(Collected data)
────────
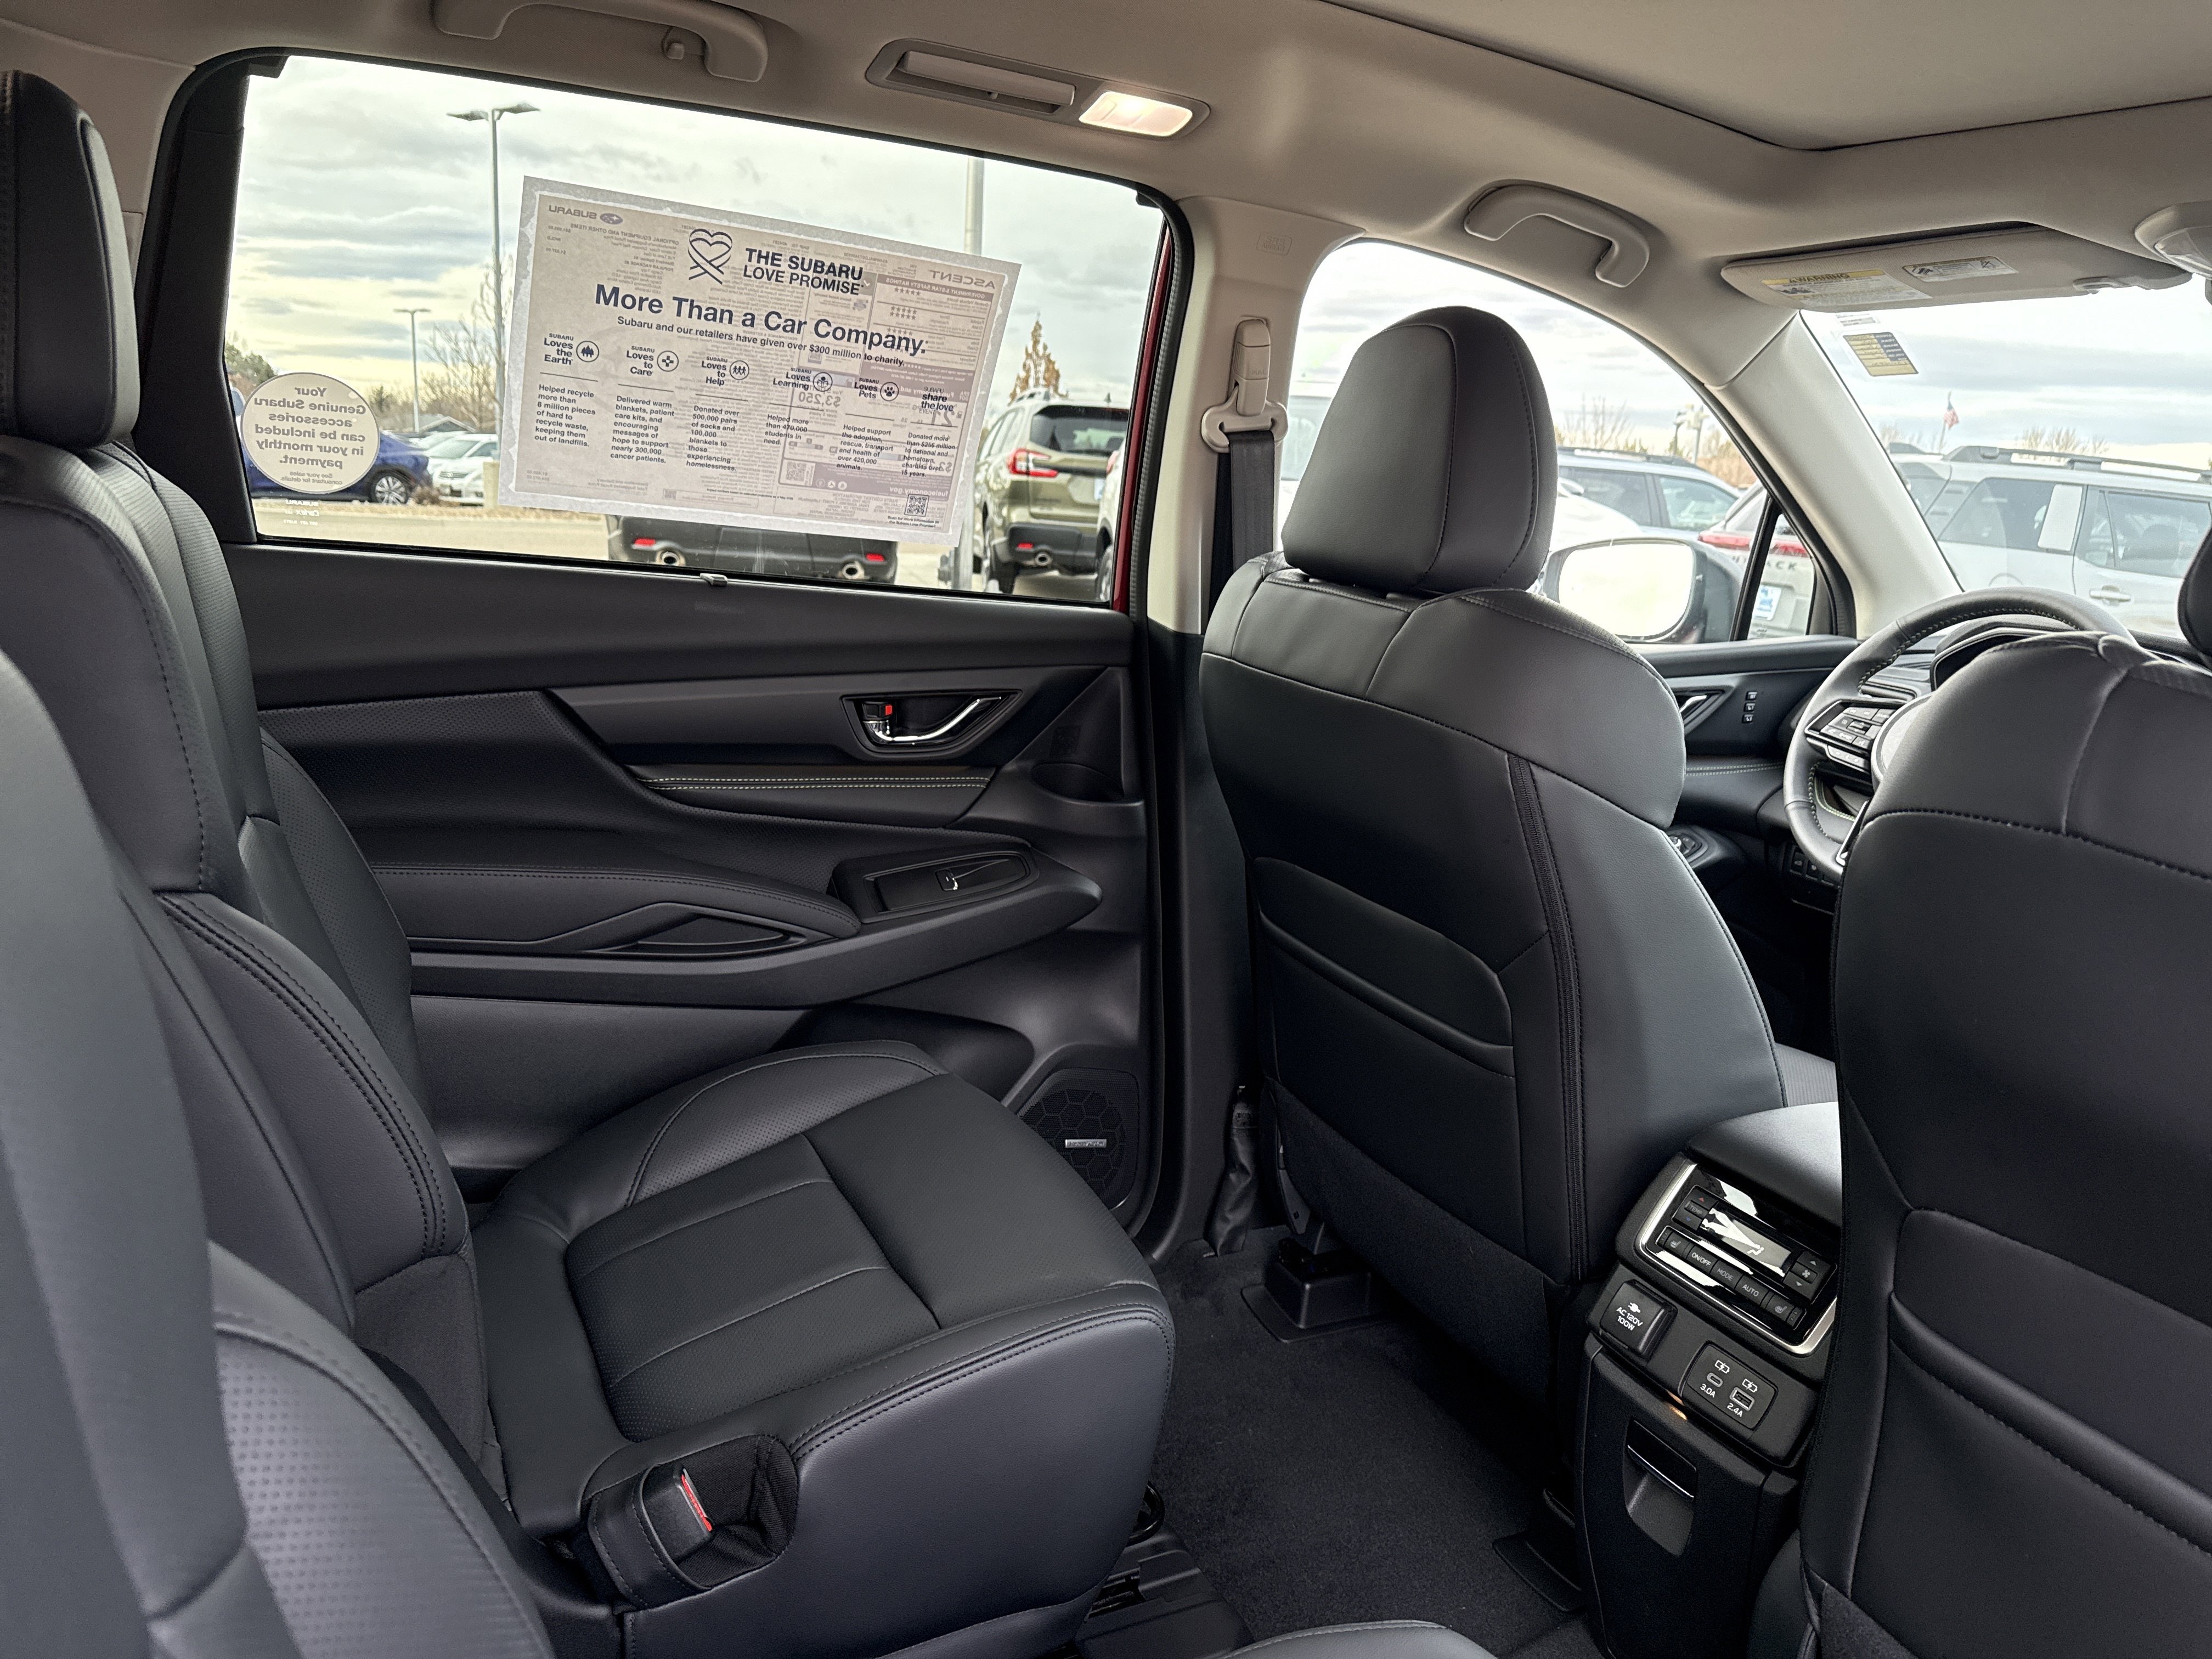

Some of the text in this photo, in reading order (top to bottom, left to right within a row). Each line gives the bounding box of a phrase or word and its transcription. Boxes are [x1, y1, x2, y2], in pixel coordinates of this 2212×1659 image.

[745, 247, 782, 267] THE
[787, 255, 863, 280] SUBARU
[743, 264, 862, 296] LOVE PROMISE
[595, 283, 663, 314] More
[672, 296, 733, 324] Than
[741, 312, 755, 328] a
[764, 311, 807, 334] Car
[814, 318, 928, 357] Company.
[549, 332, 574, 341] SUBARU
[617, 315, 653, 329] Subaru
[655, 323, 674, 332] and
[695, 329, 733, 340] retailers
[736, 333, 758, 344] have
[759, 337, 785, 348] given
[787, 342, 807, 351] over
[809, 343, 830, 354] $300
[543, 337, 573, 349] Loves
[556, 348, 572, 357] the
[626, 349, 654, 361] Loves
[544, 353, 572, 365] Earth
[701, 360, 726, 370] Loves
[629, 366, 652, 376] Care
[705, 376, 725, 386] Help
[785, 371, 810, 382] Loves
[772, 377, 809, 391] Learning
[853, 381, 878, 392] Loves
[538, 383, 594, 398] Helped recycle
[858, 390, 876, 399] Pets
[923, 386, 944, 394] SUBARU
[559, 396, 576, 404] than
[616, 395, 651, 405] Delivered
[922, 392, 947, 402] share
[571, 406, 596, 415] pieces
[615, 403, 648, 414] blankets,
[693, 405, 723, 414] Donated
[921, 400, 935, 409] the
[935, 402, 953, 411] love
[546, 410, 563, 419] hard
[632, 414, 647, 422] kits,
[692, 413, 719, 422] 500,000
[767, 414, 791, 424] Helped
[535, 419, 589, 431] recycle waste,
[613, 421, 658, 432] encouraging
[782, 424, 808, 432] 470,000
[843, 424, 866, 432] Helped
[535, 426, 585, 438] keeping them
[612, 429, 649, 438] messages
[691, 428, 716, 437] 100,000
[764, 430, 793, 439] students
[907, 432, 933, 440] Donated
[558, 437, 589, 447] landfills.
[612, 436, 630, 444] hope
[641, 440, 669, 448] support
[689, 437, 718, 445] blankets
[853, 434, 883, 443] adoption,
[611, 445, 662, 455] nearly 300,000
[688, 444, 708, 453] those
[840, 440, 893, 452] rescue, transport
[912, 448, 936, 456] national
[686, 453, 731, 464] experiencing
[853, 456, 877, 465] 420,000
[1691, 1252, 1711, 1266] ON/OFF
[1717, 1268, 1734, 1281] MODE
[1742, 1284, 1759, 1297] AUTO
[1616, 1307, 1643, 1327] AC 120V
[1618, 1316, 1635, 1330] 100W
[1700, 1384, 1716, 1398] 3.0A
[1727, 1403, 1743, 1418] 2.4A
────────
_TASK PROMPT:_ Restate the entries above word for word, and keep the pictures out.

_OUTPUT BELOW:_
Some of the text in this photo, in reading order (top to bottom, left to right within a row). Each line gives the bounding box of a phrase or word and its transcription. Boxes are [x1, y1, x2, y2], in pixel coordinates of this 2212×1659 image.

[745, 247, 782, 267] THE
[787, 255, 863, 280] SUBARU
[743, 264, 862, 296] LOVE PROMISE
[595, 283, 663, 314] More
[672, 296, 733, 324] Than
[741, 312, 755, 328] a
[764, 311, 807, 334] Car
[814, 318, 928, 357] Company.
[549, 332, 574, 341] SUBARU
[617, 315, 653, 329] Subaru
[655, 323, 674, 332] and
[695, 329, 733, 340] retailers
[736, 333, 758, 344] have
[759, 337, 785, 348] given
[787, 342, 807, 351] over
[809, 343, 830, 354] $300
[543, 337, 573, 349] Loves
[556, 348, 572, 357] the
[626, 349, 654, 361] Loves
[544, 353, 572, 365] Earth
[701, 360, 726, 370] Loves
[629, 366, 652, 376] Care
[705, 376, 725, 386] Help
[785, 371, 810, 382] Loves
[772, 377, 809, 391] Learning
[853, 381, 878, 392] Loves
[538, 383, 594, 398] Helped recycle
[858, 390, 876, 399] Pets
[923, 386, 944, 394] SUBARU
[559, 396, 576, 404] than
[616, 395, 651, 405] Delivered
[922, 392, 947, 402] share
[571, 406, 596, 415] pieces
[615, 403, 648, 414] blankets,
[693, 405, 723, 414] Donated
[921, 400, 935, 409] the
[935, 402, 953, 411] love
[546, 410, 563, 419] hard
[632, 414, 647, 422] kits,
[692, 413, 719, 422] 500,000
[767, 414, 791, 424] Helped
[535, 419, 589, 431] recycle waste,
[613, 421, 658, 432] encouraging
[782, 424, 808, 432] 470,000
[843, 424, 866, 432] Helped
[535, 426, 585, 438] keeping them
[612, 429, 649, 438] messages
[691, 428, 716, 437] 100,000
[764, 430, 793, 439] students
[907, 432, 933, 440] Donated
[558, 437, 589, 447] landfills.
[612, 436, 630, 444] hope
[641, 440, 669, 448] support
[689, 437, 718, 445] blankets
[853, 434, 883, 443] adoption,
[611, 445, 662, 455] nearly 300,000
[688, 444, 708, 453] those
[840, 440, 893, 452] rescue, transport
[912, 448, 936, 456] national
[686, 453, 731, 464] experiencing
[853, 456, 877, 465] 420,000
[1691, 1252, 1711, 1266] ON/OFF
[1717, 1268, 1734, 1281] MODE
[1742, 1284, 1759, 1297] AUTO
[1616, 1307, 1643, 1327] AC 120V
[1618, 1316, 1635, 1330] 100W
[1700, 1384, 1716, 1398] 3.0A
[1727, 1403, 1743, 1418] 2.4A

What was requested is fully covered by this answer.